10. CONDITIONS TO THE BUYER’S OBLIGATION
TO PURCHASE AT THE INITIAL CLOSING. The Buyer’s obligation to
purchase the First Note and First Warrant is conditioned upon and subject to the
fulfillment, on or prior to the Initial Closing Date, of all of the following
conditions, any of which may be waived in whole or in part by the
Buyer:
a. The
execution and delivery of this Agreement and, as applicable, the other
Transaction Documents by the Company and all other necessary parties on or
before the Initial Closing Date;
b.

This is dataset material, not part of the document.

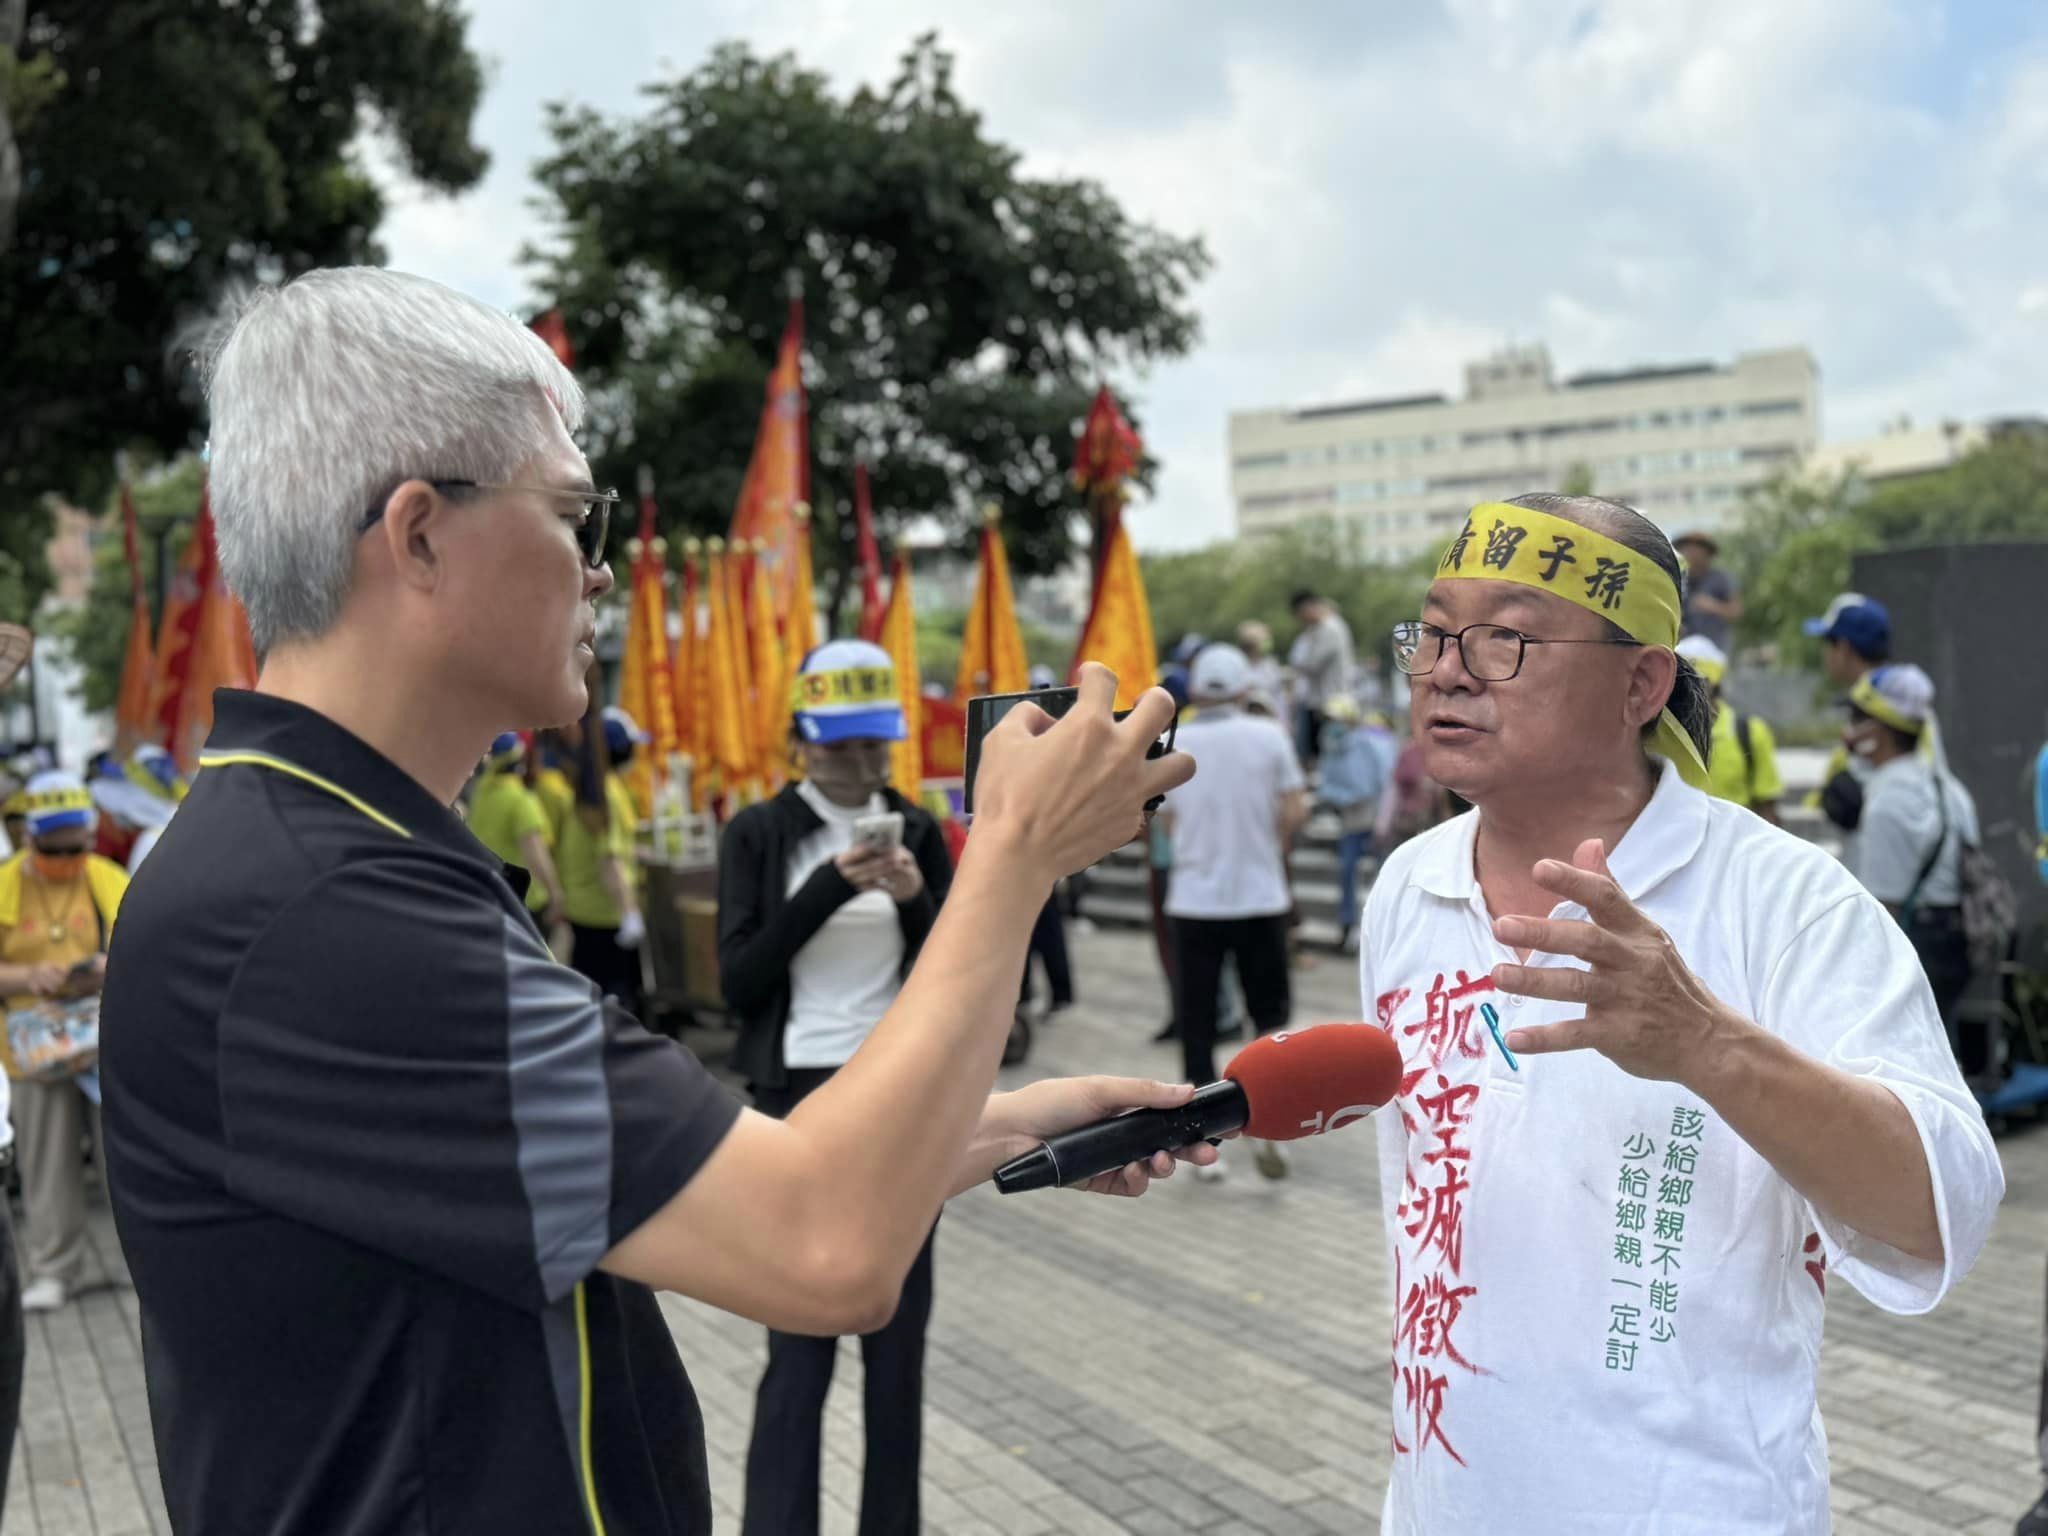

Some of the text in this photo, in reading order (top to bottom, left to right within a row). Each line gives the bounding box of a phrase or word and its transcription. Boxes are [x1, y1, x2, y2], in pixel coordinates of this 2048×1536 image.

[1605, 1132, 1655, 1372] 少給鄉親一定討
[1649, 1106, 1706, 1344] 該給鄉親不能少
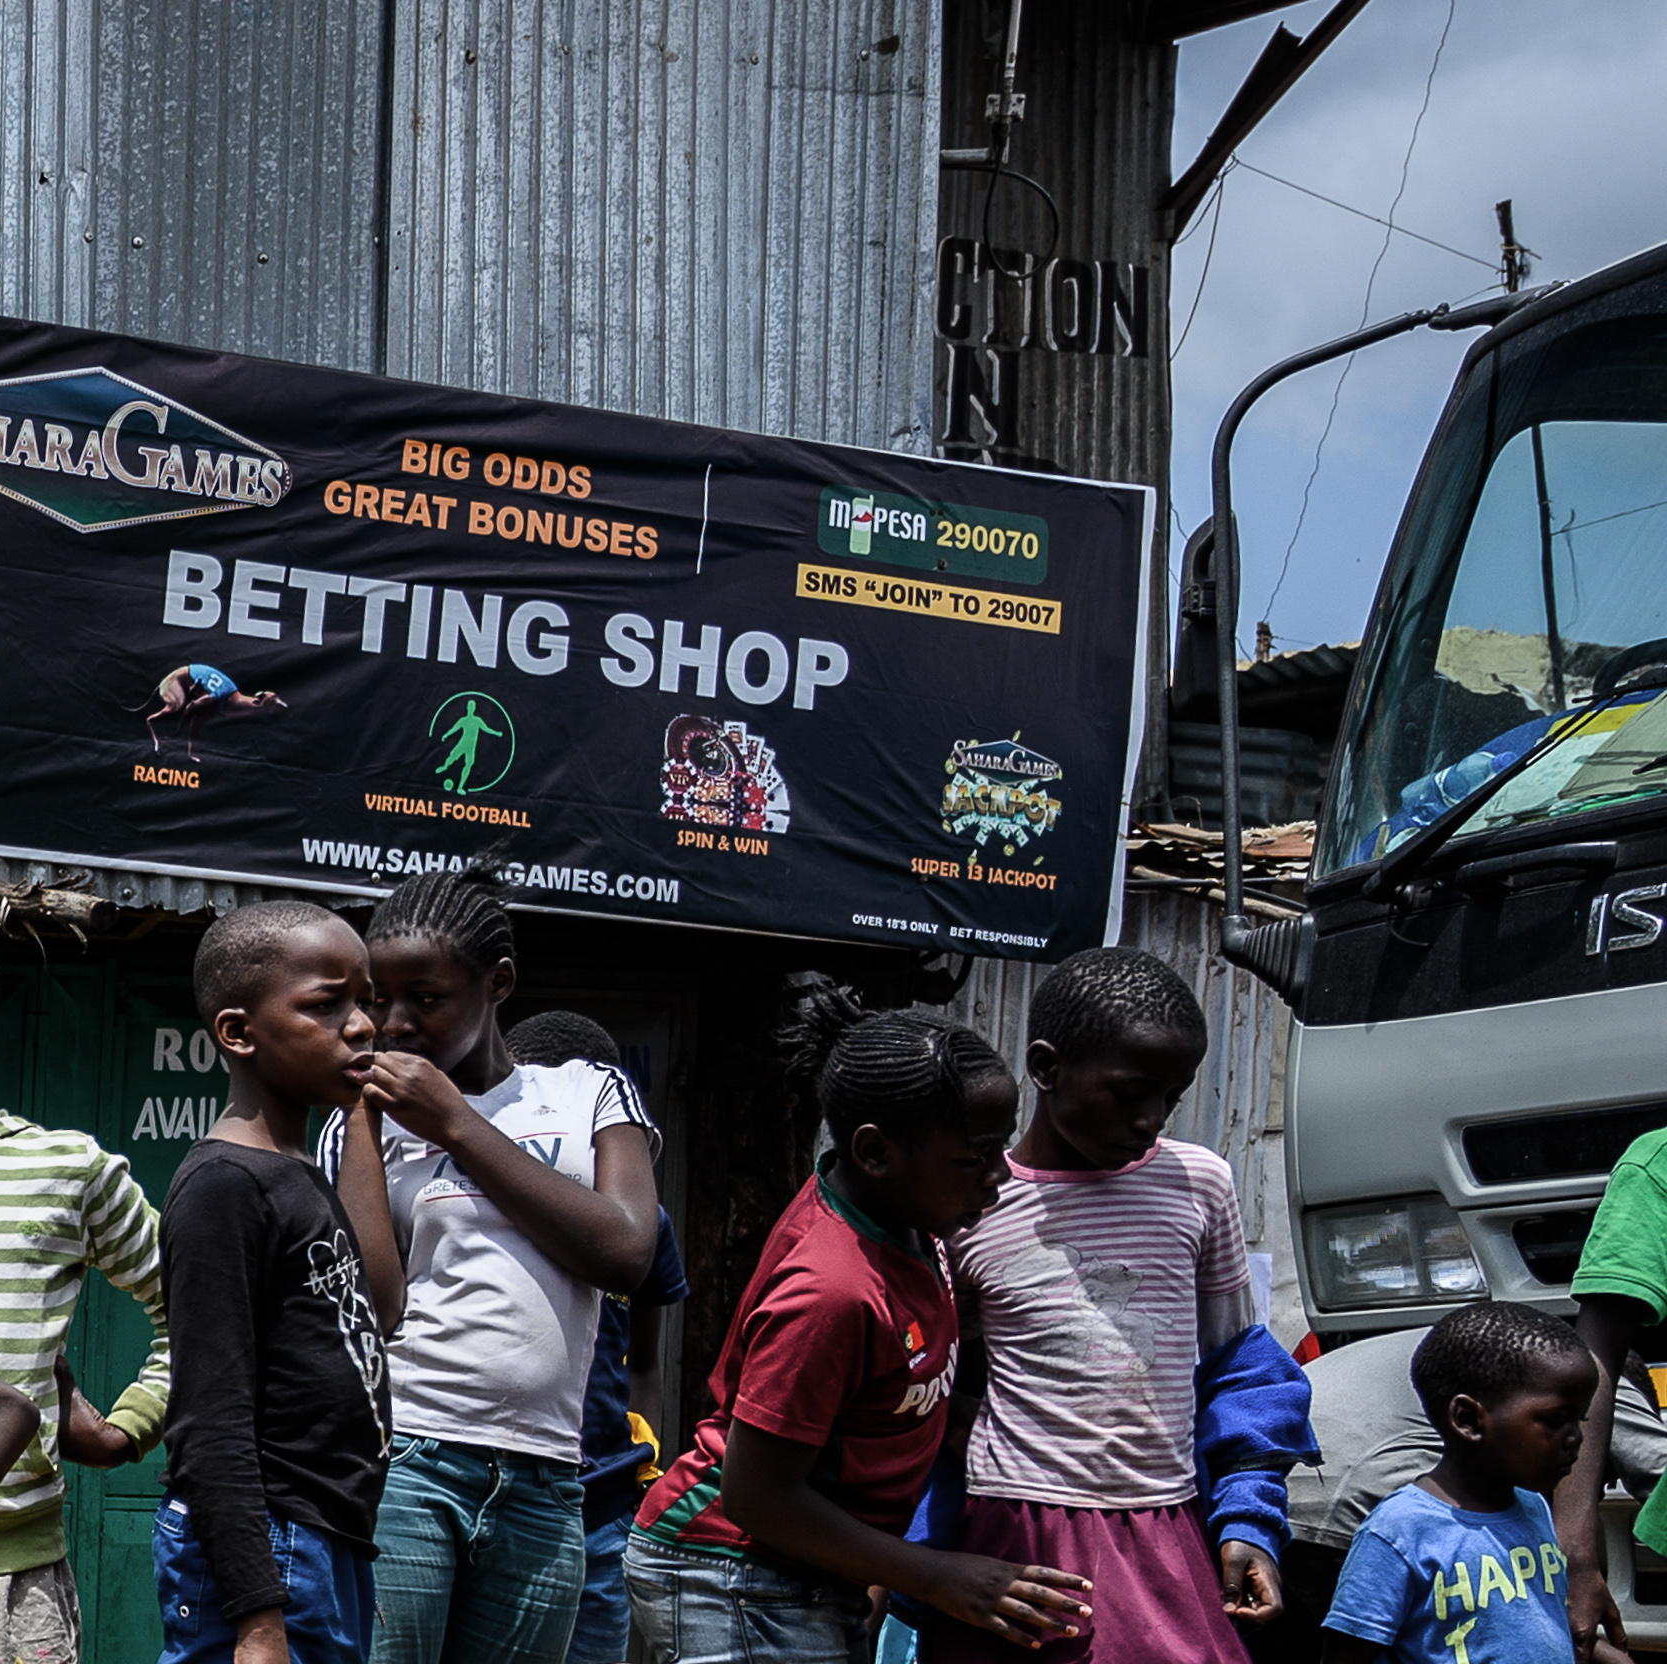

Without
limiting the generality of the requirement in the immediately preceding
subsection, the delivery by the Company of:
(i)
the First Note, duly executed by the
Company;
(ii)
the First Warrant, duly executed by the
Company;
(iii) the
Registration Rights Agreement, duly executed by the Company, whereby the Company
shall agree to file a registration statement (the “Registration Statement”)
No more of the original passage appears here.